Your task: Please repeat the records word for word and skip the pictures.

Input material:
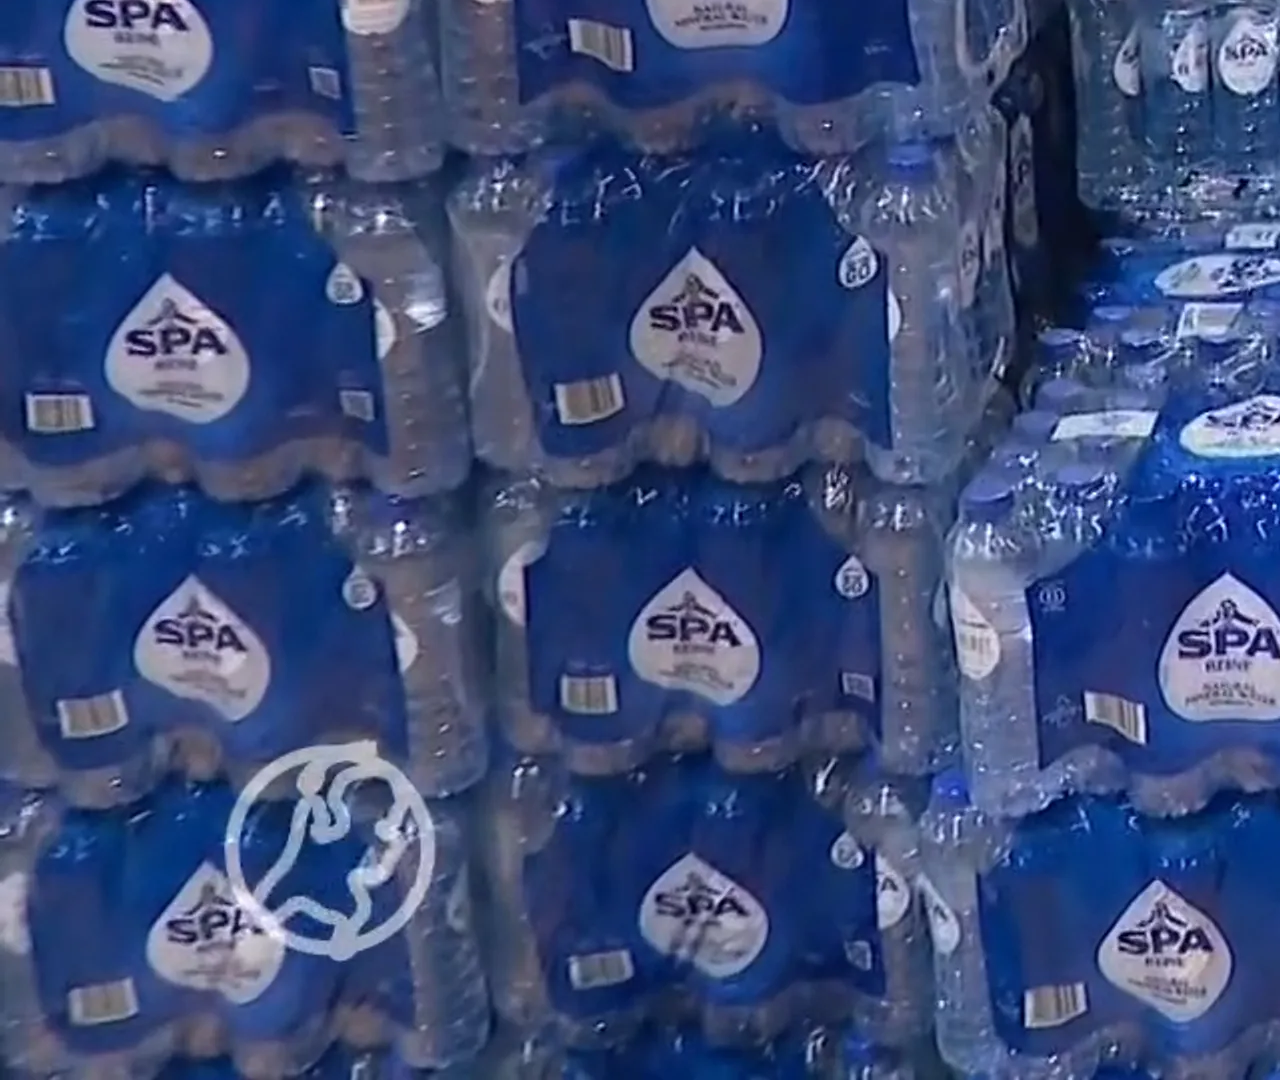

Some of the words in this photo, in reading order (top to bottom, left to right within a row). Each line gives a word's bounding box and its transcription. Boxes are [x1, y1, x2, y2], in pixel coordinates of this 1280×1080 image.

[648, 300, 746, 334] SPA
[124, 326, 230, 357] SPA
[153, 618, 248, 654] SPA
[646, 613, 743, 648] SPA
[654, 886, 750, 919] SPA
[1117, 926, 1214, 956] SPA
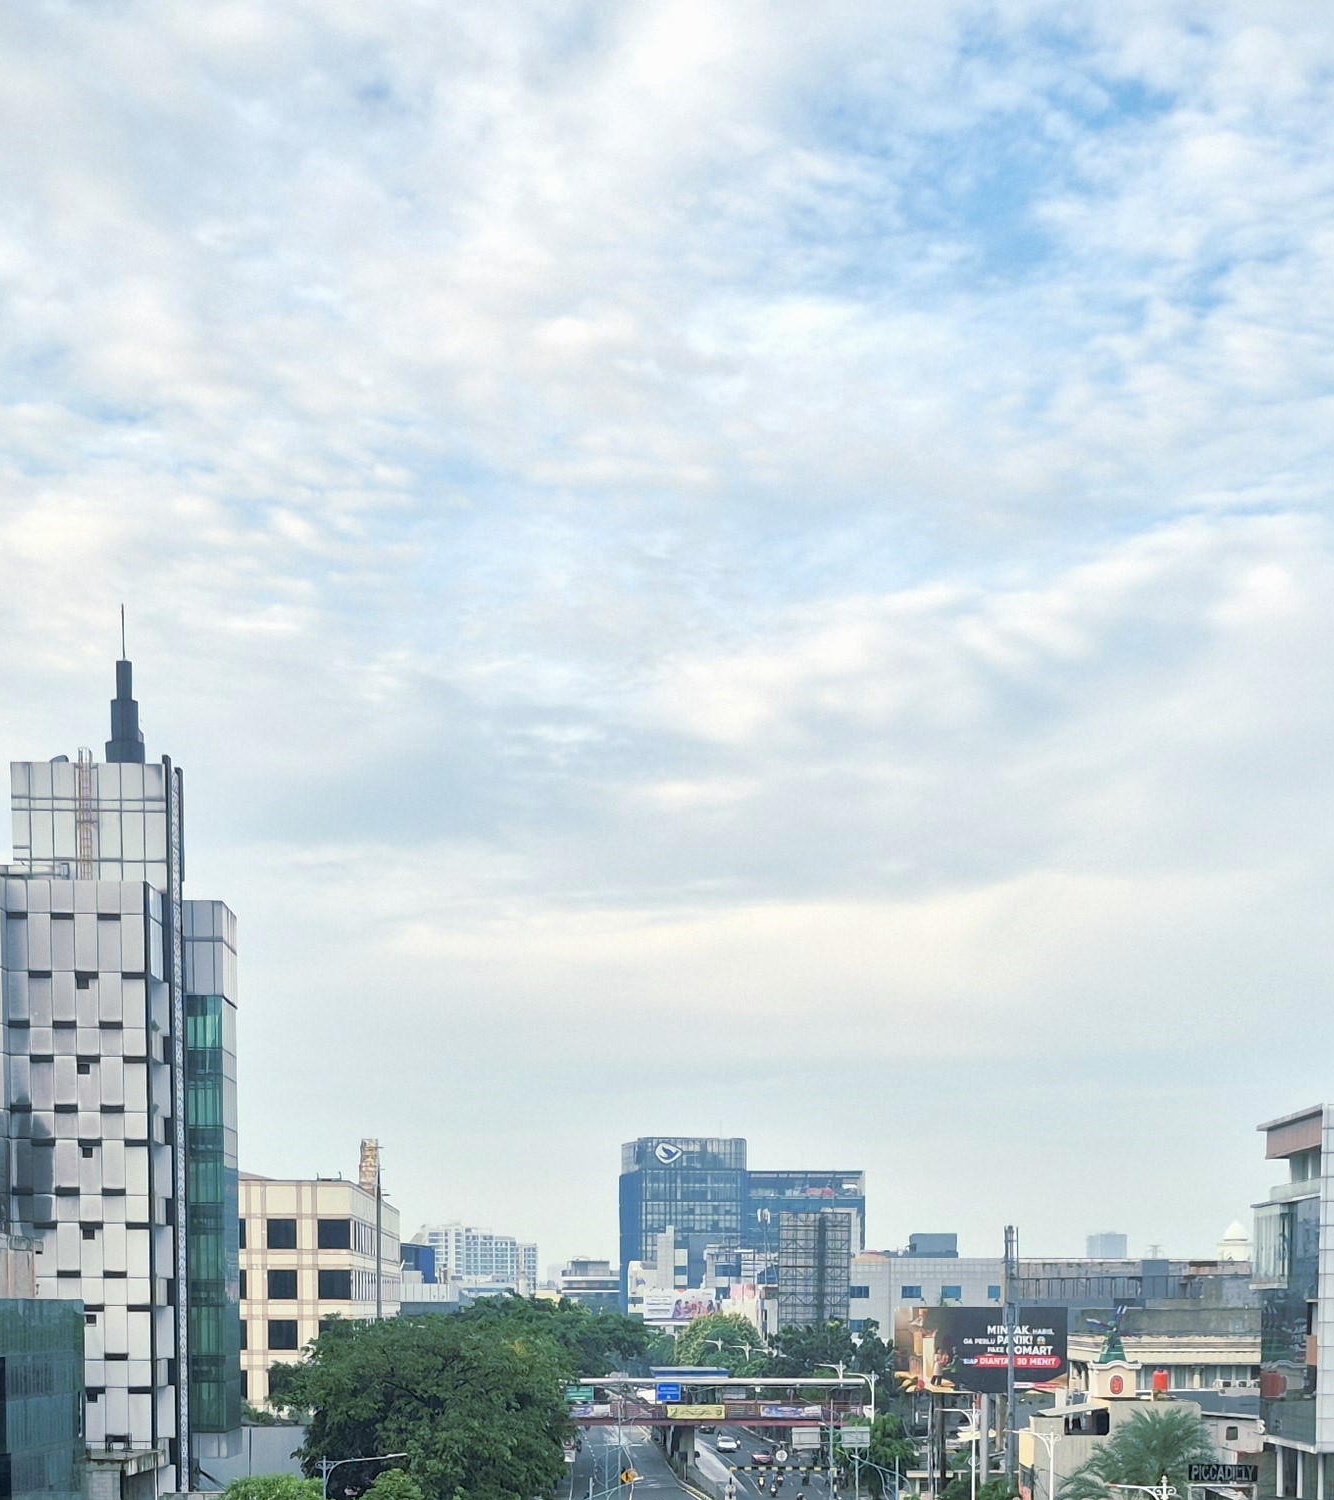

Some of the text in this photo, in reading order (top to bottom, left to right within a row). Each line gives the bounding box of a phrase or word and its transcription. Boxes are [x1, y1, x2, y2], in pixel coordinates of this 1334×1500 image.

[987, 1325, 1029, 1335] MINAK
[979, 1357, 1015, 1365] DIANTA
[1191, 1465, 1254, 1480] PICCADILLY

Exercise result:
Some of the words in this photo, in reading order (top to bottom, left to right within a row). Each line gives a word's bounding box and its transcription. Boxes are [x1, y1, x2, y2], in pixel coordinates of this 1280×1080 image.

[648, 300, 746, 334] SPA
[124, 326, 230, 357] SPA
[153, 618, 248, 654] SPA
[646, 613, 743, 648] SPA
[654, 886, 750, 919] SPA
[1117, 926, 1214, 956] SPA

Some of the text in this photo, in reading order (top to bottom, left to right within a row). Each line gives the bounding box of a phrase or word and its transcription. Boxes are [x1, y1, x2, y2], in pixel coordinates of this 1334×1500 image.

[987, 1325, 1029, 1335] MINAK
[979, 1357, 1015, 1365] DIANTA
[1191, 1465, 1254, 1480] PICCADILLY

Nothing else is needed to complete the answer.